EDITORIAL
diario El País

Dos presidentes nuevos

Hoy asume Alberto Fernández como presidente de los argentinos, junto a Cristina Fernández de Kirchner como vicepresidenta. Tanto el presidente de la República, Tabaré Vázquez, como el presidente electo, Luis Lacalle Pou, estarán presentes en la ceremonia de asunción.

Que vayan juntos es un gesto a destacar. El presidente saliente pertenece a un partido y el que asumirá el 1º de marzo (y por lo tanto deberá convivir buena parte de su período con el nuevo titular argentino) a otro.
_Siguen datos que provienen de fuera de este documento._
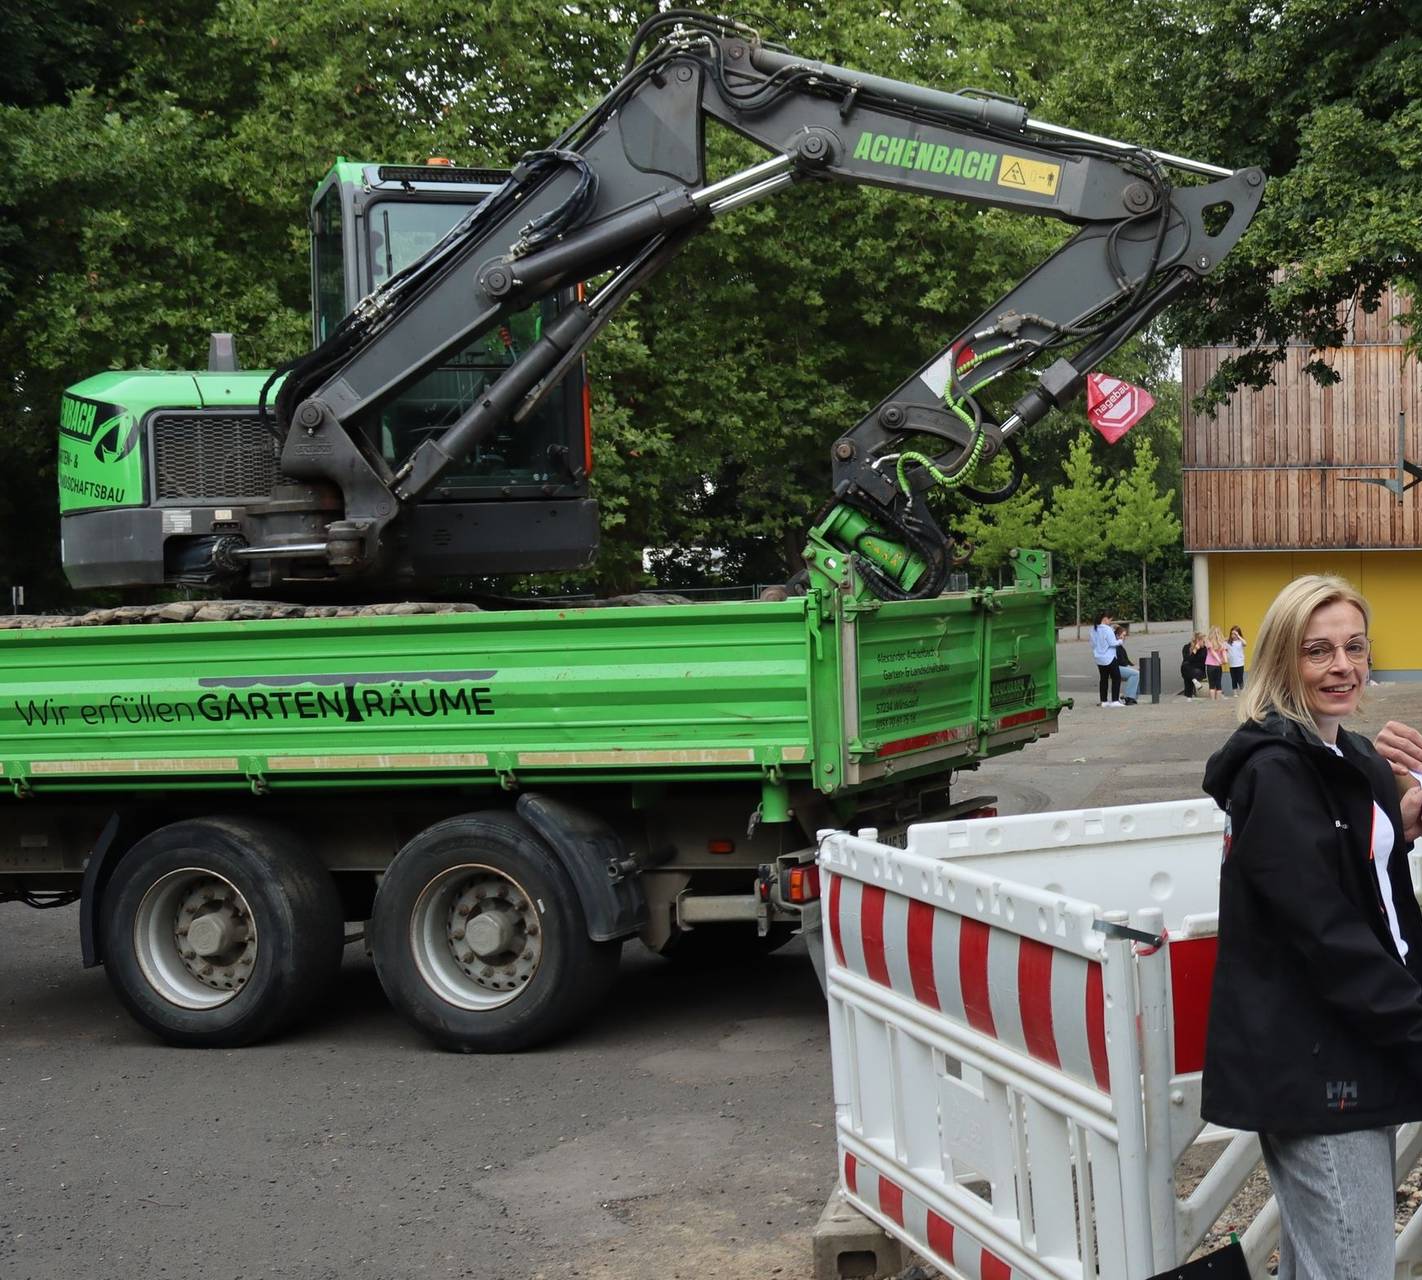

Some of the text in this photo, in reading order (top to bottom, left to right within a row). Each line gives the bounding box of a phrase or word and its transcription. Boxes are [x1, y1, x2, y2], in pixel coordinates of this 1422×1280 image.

[853, 131, 997, 182] ACHENBACH
[1093, 383, 1130, 416] hagebau
[15, 698, 69, 726] Wir
[80, 694, 194, 725] erfüllen
Con la presencia de ambos, Uruguay da clara señal de que su continuidad institucional importa.

También da una señal de cuánto se valora el respeto y la tolerancia entre quienes piensan distinto, claves para la convivencia pacífica en democracia.

La tercera señal es que Uruguay cuida sus relaciones con los vecinos, por encima de lo ideológico y lo circunstancial. Más cuando en Argentina asume un gobierno de signo kirchnerista que en períodos anteriores tuvo difíciles relaciones con Uruguay, casualmente durante la primera presidencia de Tabaré Vázquez.

Este dato importa por cuanto desde el Frente Amplio se hace hincapié en tener cercanía con gobiernos de similar ideología (el “círculo virtuoso” al que aludía el socialista Reinaldo Gargano cuando fue canciller). Los Kirchner decían tener igual perfil “progresista” al del gobierno uruguayo y sin embargo fueron años de relaciones tensas con los puentes bloqueados. Ahí, lo de la afinidad ideológica no funcionó y fue necesaria una sentencia de la Corte de La Haya para que el asunto se calmara.

Luis Lacalle Pou, por otra parte, reitera la tradición uruguaya inspirada por Luis Alberto de Herrera, sobre la importancia de los intereses de una nación a la hora de fijar prioridades, más que simpatías personales o ideológicas.

El presidente electo además se mostró renuente a la estrategia de agrupar países para llevar a cabo sus prédicas. De esto hemos visto experiencias poco simpáticas como Unasur, un mero club de amigos presidentes comprometidos a defenderse unos a otros. Por otra parte, el Grupo de Lima busca definir políticas comunes para actuar ante la dictadura venezolana, lo cual está bien, pero corre el peligro de quitarle flexibilidad a cada país. Lacalle Pou no tiene dudas en cuanto a que el régimen chavista de Nicolás Maduro es una dictadura, pero quiere espacio para diseñar su propia estrategia ante esa situación.

En este contexto, para el futuro gobierno la relación con sus dos grandes vecinos, por ser vecinos y por ser socios en el Mercosur, es importante y de ahí que Lacalle Pou haya decidido viajar hoy a Buenos Aires.

Pero lo que ocurra con Argentina no dependerá solo de la actitud uruguaya. El rol que juegue el presidente Alberto Fernández es crucial en como se desarrollen esas relaciones. Por un lado, porque el kirchnerismo responde a una tradición proteccionista que a Uruguay no le sirve. En ese sentido, las posturas aperturistas de Brasil pueden servir mejor a los intereses uruguayos. Si Alberto Fernández sigue fiel a esa tradición, en lo comercial, las cosas no serán tan fáciles.

En lo político Alberto Fernández expresó su deseo de acercarse a los países con gobiernos de izquierda o al menos “progresistas”. Vale la pena preguntar- se si el nuevo presidente argentino es realmente un político de izquierda o si el kirchnerismo alguna vez lo fue. Todo indicaría que no. Nada lo identifica con el pensamiento tradicional de la izquierda, tan fuerte a fines del siglo XX y cuya hora ya pasó. Tampoco lo es porque hoy las definiciones de izquierda y derecha no se ajustan a ninguna realidad visible. A los regímenes de Putin, Orban en Hungría y Erdogán en Turquía se los califica como “populistas de derecha” y a los regímenes de Ortega en Nicaragua o Maduro como “populistas de izquierda”. Sin embargo abusan de su poder e inventan relatos oficiales con similares técnicas, persiguen a sus opositores y cercenan las libertades usando los mismos métodos y las mismas razones. Todos aprovechan los mecanismos electorales para alcanzar el poder y desde ahí socavar la misma democracia que les permitió llegar. Nada los diferencia. A algo de eso se acercaron los Kirchner en su momento.

Fernández se define como pragmático y demostró interés en acercarse a Lacalle Pou pese a que en sus visitas a Uruguay solo se encontró con dirigentes frentistas. Si predomina ese pragmatismo y dada la buena predisposición del presidente electo uruguayo, se puede esperar algo bueno. Pero si al final predomina el ya conocido estilo y visión de la vicepresidenta argentina respecto a Uruguay, las cosas pueden complicarse.